La Disney donerà fino a tre milioni di dollari.

Ma non è finita. In occasione dell’uscita del film la Walt Disney ha lanciato la campagna globale di conservazione “Il Re Leone – Proteggi i leoni africani” volta, a tutelare e a rinnovare la popolazione dei leoni e degli habitat di cui vivono.

Sono trascorsi 25 anni da quando la Disney rilasciò la versione originale de “Il Re Leone”.

Purtroppo, nel corso di questo periodo l’Africa ha perso metà dei suoi leoni e attualmente ne restano solo 20mila.
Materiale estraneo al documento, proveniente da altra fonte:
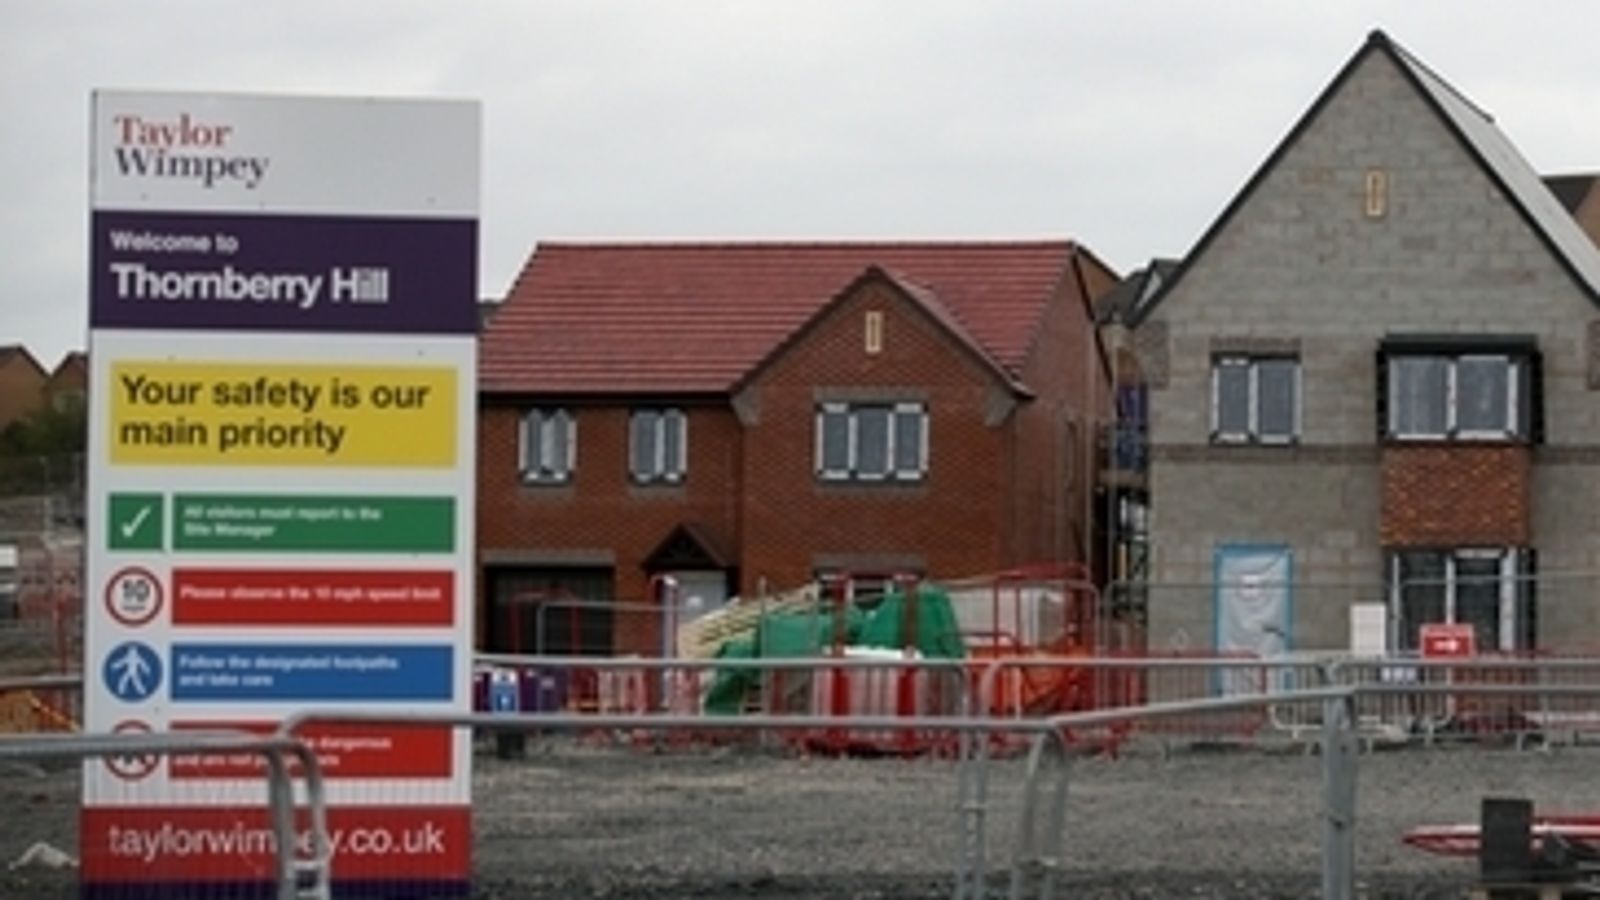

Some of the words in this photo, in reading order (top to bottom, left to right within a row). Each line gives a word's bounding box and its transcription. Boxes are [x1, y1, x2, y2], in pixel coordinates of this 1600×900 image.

[114, 113, 233, 150] Taylor
[114, 148, 269, 189] Wimpey
[109, 231, 211, 253] Welcome
[215, 235, 239, 254] to
[109, 263, 322, 308] Thornberry
[331, 268, 390, 302] Hill
[121, 375, 202, 405] Your
[211, 377, 322, 413] safety
[331, 379, 361, 408] is
[369, 385, 430, 409] our
[120, 417, 208, 446] main
[218, 419, 346, 453] priority
[179, 654, 226, 670] Follow
[227, 654, 250, 669] the
[108, 822, 446, 863] taylorwimey.co.uk
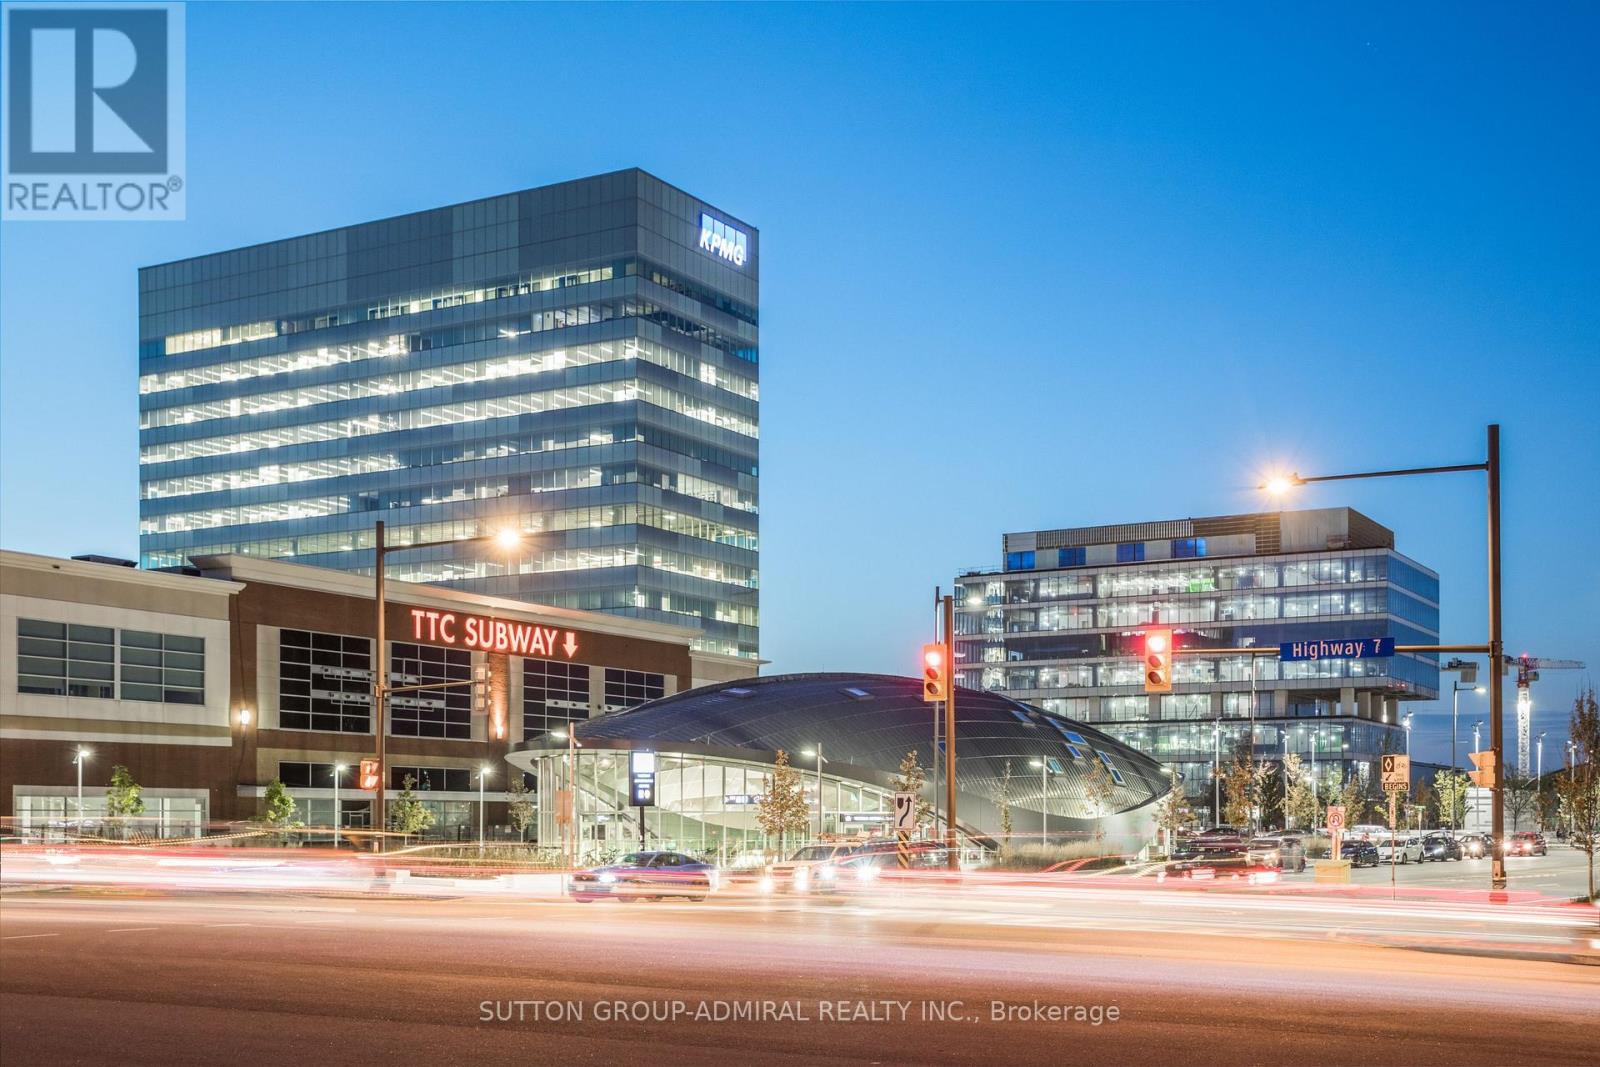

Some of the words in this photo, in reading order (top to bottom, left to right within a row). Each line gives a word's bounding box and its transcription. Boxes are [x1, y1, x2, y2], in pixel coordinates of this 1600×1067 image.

[700, 228, 744, 266] KPMG
[411, 609, 456, 644] TTC
[464, 617, 558, 656] SUBWAY
[1292, 640, 1364, 660] Highway
[1373, 638, 1382, 654] 7
Per questo la Disney sta sostenendo il “Lion Recovery Fund” che punta a raddoppiare la popolazione dei leoni entro il 2050, sforzandosi di coinvolgere le strategiche comunità locali. La Disney ha già donato più di un milione e mezzo di dollari al “Lion Recovery Fund” del Wildlife Conservation Network e ai suoi partner e presto offrirà altro denaro, oltre a invitare tutti a contribuire al raddoppio delle donazioni per arrivare a un totale di tre milioni di dollari. I fan potranno partecipare alla campagna “Il Re Leone – Proteggi i leoni africani” anche acquistando i peluche di Simba e Nala in edizione limitata in alcuni Disney Store selezionati oppure su shopDisney.it.
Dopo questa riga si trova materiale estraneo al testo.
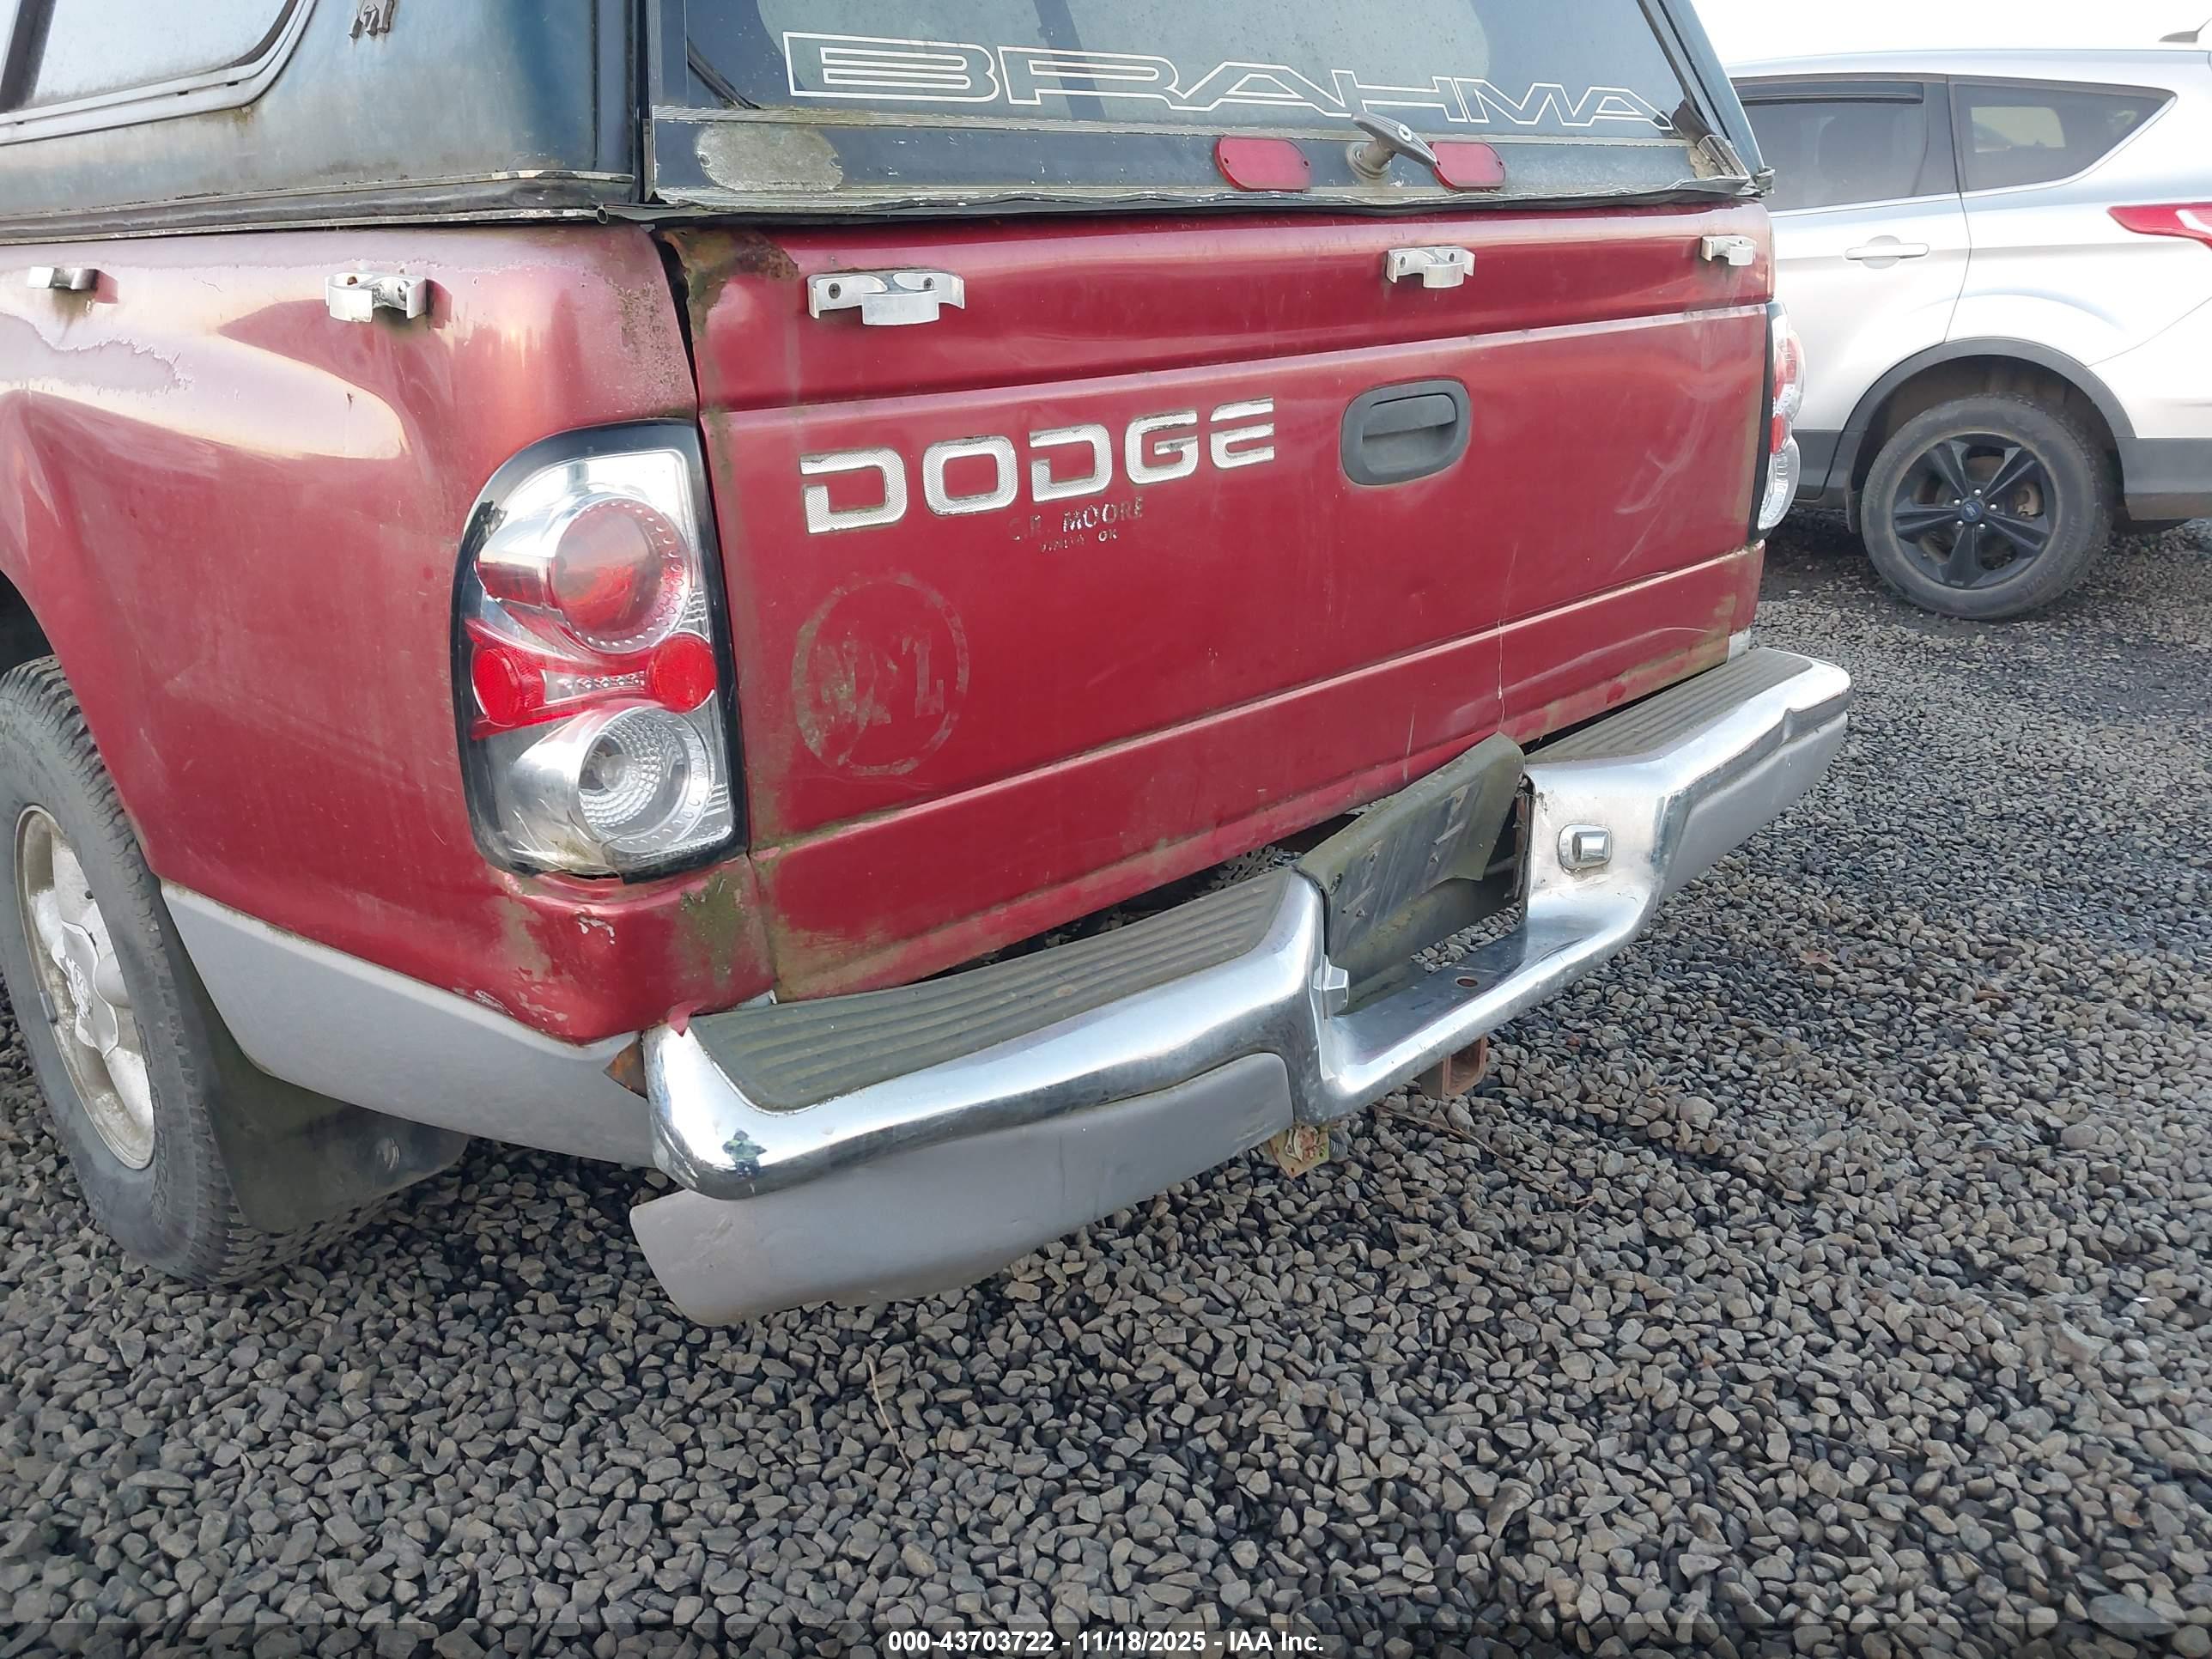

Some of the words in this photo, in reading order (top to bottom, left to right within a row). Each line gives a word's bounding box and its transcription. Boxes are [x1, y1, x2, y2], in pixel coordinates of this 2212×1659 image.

Non sarà come “La carica dei 101”

I film al cinema hanno sempre influenzato grandi e piccini nelle scelte di vita. Come il boom dei Dalmata che si scatenò con l’uscita dei film “La carica dei 101”, “La carica dei 102” e seguenti, e che incantò una miriade di bambini. Tutti alla rincorsa del cucciolo maculato da accogliere in casa, per poi, purtroppo, abbandonarlo, una volta cresciuto e fatti i conti col suo caratterino troppo vivace. Tanti Dalmata, purtroppo, sono finiti in massa nei canili, vittime delle campagne mediatiche.

Questa volta, però, sarà diverso, ci sarà un lieto fine. C’è da aspettarsi, infatti, che la “leone-mania” evolva positivamente, favorendo l’adesione dell’opinione pubblica a quante più campagne “salva-Simba” possibile. Come assicura Charles Knowles, presidente e co-fondatore del Wildlife Conservation Network, “il Lion Recovery Fund intende riportare i leoni in tutta l’Africa; le grandi storie raccontate dalla Disney sono lo strumento perfetto per sensibilizzare gli spettatori su questa crisi e spingerli a entrare in azione”.